Tra conferme, attese e percorsi differenti, il reparto portieri del Cagliari ha raccontato una stagione fatta di equilibri chiari e gerarchie consolidate.

Elia Caprile, il muro rossoblù

La stagione di Elia Caprile è stata senza dubbio una delle note più positive del campionato del Cagliari. Il portiere veneto, classe 2001, dopo gli anni tra Chievo, Leeds, Pro Patria, Bari, Napoli ed Empoli, ha trovato in Sardegna la definitiva consacrazione ad alti livelli.

Con Fabio Pisacane in panchina, Caprile si è confermato una colonna della squadra, distinguendosi per continuità, personalità e capacità di tenere a galla il Cagliari nei momenti più complicati della stagione.

In Serie A 2025-26 ha disputato tutte le 38 partite, restando in campo per 3.420 minuti complessivi e subendo 53 reti. Ha inoltre collezionato 8 clean sheet, confermandosi tra i portieri più sollecitati del torneo con oltre 120 parate stagionali.

Le sue prestazioni gli hanno permesso anche di entrare nel giro della Nazionale maggiore italiana, segnale di una crescita ormai definitiva. Tra riflessi, leadership e freddezza nelle uscite, Caprile è stato il vero faro difensivo della squadra rossoblù. Resterà?

Alen Sherri, stagione ai margini

Decisamente differente il campionato di Alen Sherri. Il portiere albanese, arrivato a Cagliari dopo le esperienze nel calcio del suo Paese e rincalzo nella Nazionale dell’Albania, era partito inizialmente come alternativa di esperienza.

Nel corso della stagione, però, il suo spazio si è praticamente azzerato. Dopo una sfortunatissima parentesi in prestito al Frosinone, interrotta nel gennaio 2026 dopo un brutto infortunio e conclusa con il ritorno anticipato in Sardegna, Sherri non è riuscito a trovare occasioni per scalare le gerarchie.

Il bilancio in Serie A 2025-26 racconta infatti di zero presenze.

Una stagione complicata per il portiere classe 1997, rimasto ai margini anche a causa dell’eccellente rendimento di Caprile, autentico intoccabile della formazione rossoblù. Anche per lui c’è un grande punto interrogativo sul futuro.

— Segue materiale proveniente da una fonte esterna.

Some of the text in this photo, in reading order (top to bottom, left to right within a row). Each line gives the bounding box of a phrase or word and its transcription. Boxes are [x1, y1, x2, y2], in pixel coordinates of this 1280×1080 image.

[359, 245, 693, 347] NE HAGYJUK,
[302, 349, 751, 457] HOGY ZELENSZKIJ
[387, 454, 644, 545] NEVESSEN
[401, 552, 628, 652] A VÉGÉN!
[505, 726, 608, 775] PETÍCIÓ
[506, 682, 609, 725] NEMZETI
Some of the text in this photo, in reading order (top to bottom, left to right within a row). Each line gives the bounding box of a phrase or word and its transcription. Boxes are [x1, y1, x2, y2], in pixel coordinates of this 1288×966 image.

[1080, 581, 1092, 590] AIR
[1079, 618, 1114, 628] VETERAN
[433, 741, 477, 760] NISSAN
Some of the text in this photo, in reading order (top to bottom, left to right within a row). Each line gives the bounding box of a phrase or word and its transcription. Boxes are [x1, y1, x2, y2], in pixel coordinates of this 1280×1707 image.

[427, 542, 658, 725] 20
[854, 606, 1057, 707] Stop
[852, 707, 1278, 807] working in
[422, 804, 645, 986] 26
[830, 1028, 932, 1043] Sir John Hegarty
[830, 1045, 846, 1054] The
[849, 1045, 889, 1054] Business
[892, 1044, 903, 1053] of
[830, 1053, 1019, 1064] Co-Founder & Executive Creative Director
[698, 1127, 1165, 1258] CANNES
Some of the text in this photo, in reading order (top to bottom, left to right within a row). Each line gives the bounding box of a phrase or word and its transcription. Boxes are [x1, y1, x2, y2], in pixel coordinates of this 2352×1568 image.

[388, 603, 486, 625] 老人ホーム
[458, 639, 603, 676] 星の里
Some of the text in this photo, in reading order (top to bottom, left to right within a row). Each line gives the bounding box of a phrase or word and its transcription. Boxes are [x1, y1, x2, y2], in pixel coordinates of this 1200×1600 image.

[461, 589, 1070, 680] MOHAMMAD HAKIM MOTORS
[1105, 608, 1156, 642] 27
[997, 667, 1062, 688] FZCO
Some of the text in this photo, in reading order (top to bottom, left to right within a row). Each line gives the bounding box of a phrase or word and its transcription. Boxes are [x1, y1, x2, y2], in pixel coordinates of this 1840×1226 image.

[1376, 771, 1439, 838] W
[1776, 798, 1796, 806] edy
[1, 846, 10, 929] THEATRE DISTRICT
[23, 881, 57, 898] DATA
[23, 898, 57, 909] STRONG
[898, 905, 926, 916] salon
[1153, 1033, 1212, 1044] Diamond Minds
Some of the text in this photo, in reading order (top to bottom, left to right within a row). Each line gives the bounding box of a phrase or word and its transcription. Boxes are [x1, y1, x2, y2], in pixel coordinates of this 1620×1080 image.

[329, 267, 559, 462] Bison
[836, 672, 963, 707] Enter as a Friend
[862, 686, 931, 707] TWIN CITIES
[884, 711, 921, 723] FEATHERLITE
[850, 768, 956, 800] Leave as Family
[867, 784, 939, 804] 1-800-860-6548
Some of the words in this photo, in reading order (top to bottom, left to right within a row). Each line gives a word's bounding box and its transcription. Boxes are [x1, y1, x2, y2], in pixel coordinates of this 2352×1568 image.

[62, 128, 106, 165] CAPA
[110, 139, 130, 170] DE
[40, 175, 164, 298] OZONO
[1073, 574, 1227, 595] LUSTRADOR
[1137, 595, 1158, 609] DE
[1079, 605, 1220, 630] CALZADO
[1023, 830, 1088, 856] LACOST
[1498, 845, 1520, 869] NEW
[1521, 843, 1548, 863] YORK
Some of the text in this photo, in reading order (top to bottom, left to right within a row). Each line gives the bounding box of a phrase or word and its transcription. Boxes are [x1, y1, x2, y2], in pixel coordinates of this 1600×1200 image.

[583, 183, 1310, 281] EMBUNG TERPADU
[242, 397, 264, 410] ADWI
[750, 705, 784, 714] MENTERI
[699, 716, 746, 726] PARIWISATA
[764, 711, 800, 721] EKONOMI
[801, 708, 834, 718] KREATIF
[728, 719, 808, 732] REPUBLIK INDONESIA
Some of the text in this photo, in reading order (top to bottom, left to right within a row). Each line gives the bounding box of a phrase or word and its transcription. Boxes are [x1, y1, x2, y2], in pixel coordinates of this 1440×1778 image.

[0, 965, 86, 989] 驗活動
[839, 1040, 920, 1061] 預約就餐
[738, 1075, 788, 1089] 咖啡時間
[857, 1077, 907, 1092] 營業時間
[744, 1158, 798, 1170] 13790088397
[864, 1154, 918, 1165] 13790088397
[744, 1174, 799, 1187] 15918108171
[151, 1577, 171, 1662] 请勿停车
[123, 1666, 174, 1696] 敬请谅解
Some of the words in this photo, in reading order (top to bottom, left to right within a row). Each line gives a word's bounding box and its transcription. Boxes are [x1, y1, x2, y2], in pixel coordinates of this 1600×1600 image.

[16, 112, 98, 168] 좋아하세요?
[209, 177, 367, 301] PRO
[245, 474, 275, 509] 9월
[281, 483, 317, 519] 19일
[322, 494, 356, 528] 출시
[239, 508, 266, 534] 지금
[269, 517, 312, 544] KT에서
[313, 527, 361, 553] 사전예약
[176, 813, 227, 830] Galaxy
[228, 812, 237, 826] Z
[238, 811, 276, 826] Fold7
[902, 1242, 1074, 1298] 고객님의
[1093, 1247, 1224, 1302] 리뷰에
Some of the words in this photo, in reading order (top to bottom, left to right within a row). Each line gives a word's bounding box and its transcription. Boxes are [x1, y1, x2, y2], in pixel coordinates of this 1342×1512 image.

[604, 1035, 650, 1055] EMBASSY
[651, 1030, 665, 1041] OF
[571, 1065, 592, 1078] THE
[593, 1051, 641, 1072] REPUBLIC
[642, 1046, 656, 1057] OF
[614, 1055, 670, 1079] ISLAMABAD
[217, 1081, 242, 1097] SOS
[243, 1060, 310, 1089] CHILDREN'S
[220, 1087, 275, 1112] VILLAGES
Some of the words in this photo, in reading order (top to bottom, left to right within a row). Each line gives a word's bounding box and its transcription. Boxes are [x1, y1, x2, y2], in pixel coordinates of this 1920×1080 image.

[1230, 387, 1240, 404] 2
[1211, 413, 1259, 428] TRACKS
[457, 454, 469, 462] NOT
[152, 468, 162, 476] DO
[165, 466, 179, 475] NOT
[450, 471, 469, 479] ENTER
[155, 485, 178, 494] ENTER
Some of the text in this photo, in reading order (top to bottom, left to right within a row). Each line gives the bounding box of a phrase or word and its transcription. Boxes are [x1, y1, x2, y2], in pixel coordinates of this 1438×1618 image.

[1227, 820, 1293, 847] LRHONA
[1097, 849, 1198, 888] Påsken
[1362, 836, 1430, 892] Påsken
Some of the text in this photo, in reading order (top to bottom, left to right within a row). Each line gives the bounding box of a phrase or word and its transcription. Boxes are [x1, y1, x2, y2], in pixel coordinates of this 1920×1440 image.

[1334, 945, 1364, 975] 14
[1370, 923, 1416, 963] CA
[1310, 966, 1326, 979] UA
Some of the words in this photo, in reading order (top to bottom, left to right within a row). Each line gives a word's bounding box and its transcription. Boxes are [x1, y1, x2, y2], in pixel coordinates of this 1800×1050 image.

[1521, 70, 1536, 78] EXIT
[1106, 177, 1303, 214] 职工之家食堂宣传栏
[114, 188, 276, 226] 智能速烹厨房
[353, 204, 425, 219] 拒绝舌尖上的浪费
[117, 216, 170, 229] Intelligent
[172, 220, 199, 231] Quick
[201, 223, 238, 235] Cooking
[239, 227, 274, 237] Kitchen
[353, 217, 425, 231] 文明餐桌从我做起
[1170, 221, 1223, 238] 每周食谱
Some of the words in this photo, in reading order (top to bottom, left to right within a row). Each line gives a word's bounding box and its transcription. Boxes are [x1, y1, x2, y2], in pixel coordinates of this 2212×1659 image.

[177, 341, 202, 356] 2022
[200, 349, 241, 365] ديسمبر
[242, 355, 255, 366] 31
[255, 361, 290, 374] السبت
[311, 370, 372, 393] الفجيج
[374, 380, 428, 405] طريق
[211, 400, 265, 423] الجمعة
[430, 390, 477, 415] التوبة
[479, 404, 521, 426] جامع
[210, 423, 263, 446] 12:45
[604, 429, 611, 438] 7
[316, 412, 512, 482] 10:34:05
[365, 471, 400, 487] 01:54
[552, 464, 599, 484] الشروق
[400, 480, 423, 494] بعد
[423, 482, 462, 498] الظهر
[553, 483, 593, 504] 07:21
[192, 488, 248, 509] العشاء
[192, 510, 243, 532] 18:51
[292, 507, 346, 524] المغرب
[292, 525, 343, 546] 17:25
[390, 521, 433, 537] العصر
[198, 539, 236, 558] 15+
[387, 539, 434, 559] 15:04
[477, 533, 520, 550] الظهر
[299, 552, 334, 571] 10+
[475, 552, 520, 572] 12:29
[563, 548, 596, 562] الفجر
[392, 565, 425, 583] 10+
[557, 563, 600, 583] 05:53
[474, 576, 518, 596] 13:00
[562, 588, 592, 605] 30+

Giuseppe Ciocci, il portiere che aspetta spazio

Tra i pali rossoblù era presente anche Giuseppe Ciocci, portiere cagliaritano cresciuto nel vivaio del club. Classe 2002, Ciocci rappresenta uno dei prodotti più interessanti del settore giovanile rossoblù degli ultimi anni. Dopo le esperienze in prestito tra Olbia, Pescara e Pontedera, il giovane estremo difensore è rimasto a disposizione della prima squadra durante tutta la stagione.

Anche per lui, però, lo spazio in campionato è stato praticamente nullo. In Serie A 2025-26 non ha collezionato presenze.

Nonostante ciò, il club continua a considerarlo un profilo interessante. La sua crescita prosegue dietro le quinte, tra allenamenti e lavoro quotidiano accanto a un titolare ormai consolidato come Caprile. Nella speranza, in primis, di venire lasciato in pace dall’infermeria che ne ha condizionato il percorso.

Gerarchie chiare per il futuro

La stagione del reparto portieri del Cagliari ha quindi raccontato una gerarchia molto definita. Da una parte il dominio tecnico e caratteriale di Elia Caprile, dall’altra le difficoltà di trovare spazio per Sherri e Ciocci.

Il prossimo mercato chiarirà se il club deciderà di mantenere invariato l’equilibrio attuale oppure se verranno fatte nuove valutazioni sulle alternative. Senza dimenticare che, quantomeno sulla carta, torneranno a disposizione pure Radunovic e Iliev reduci da prestiti in B e C.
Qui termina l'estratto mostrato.